TASK REQUIREMENTS ::
I'd like the entries repeated exactly, pictures omitted.

DATASET RECORDS ::

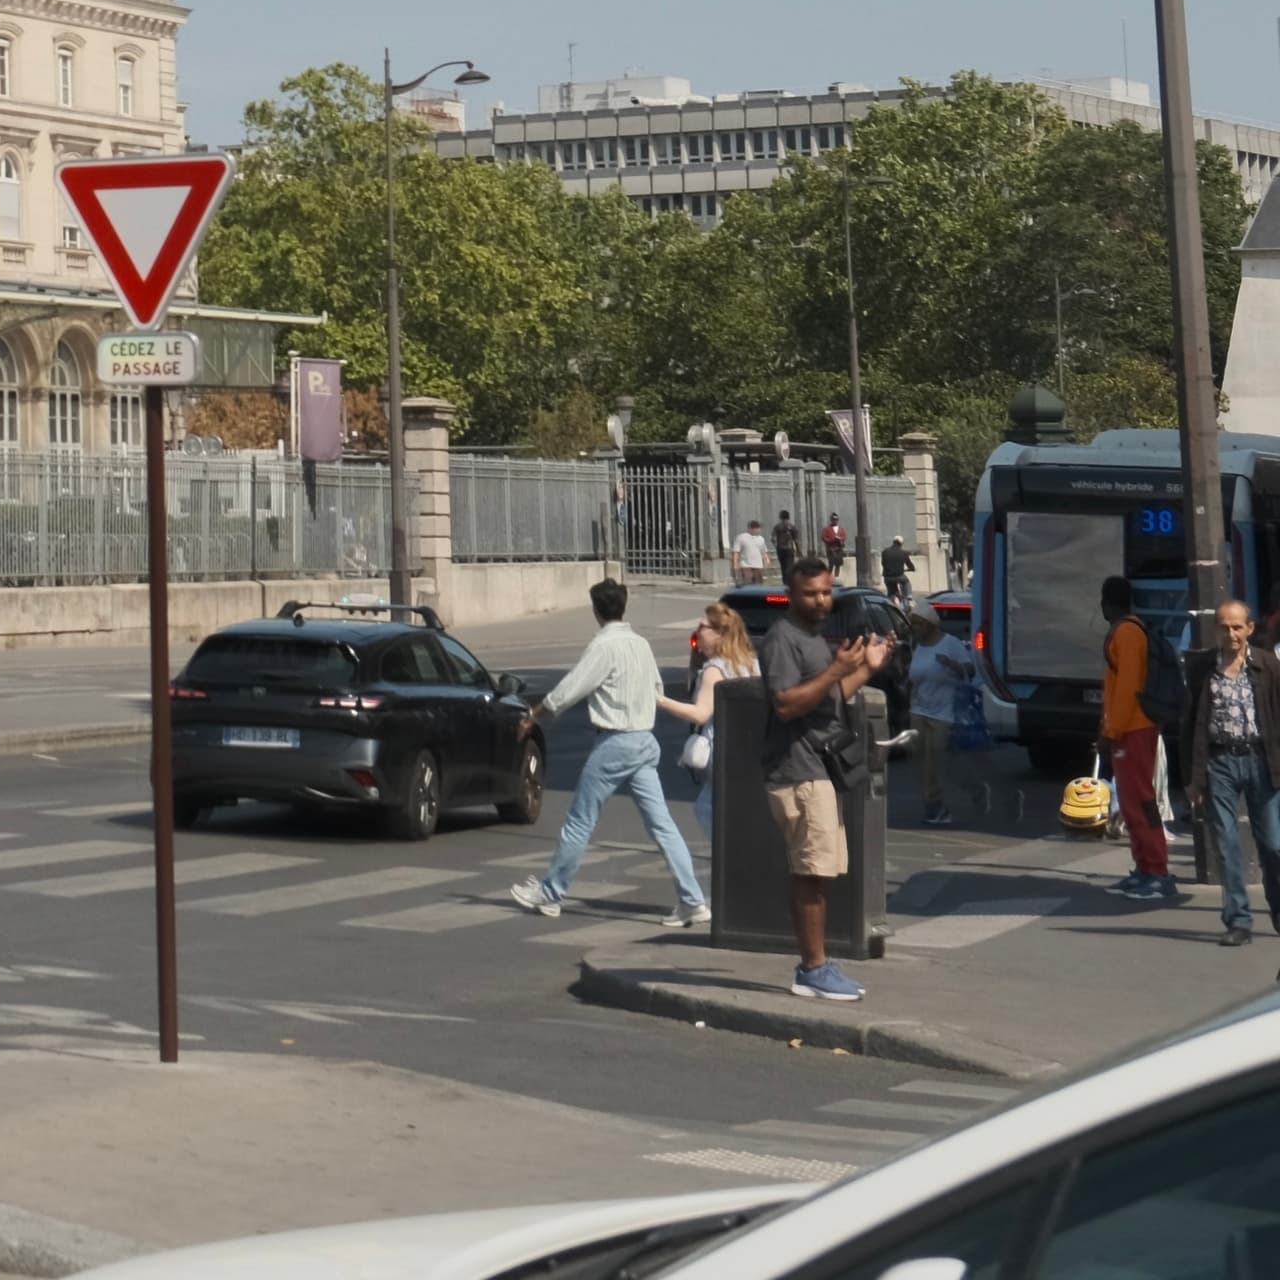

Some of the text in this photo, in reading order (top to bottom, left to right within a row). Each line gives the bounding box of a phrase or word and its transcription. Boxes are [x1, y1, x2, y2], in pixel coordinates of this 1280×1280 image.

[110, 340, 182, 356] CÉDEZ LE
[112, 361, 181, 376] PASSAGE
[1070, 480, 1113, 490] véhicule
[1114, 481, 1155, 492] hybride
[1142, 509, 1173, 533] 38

TASK RESULT ::
Some of the text in this photo, in reading order (top to bottom, left to right within a row). Each line gives the bounding box of a phrase or word and its transcription. Boxes are [x1, y1, x2, y2], in pixel coordinates of this 1280×1280 image.

[110, 340, 182, 356] CÉDEZ LE
[112, 361, 181, 376] PASSAGE
[1070, 480, 1113, 490] véhicule
[1114, 481, 1155, 492] hybride
[1142, 509, 1173, 533] 38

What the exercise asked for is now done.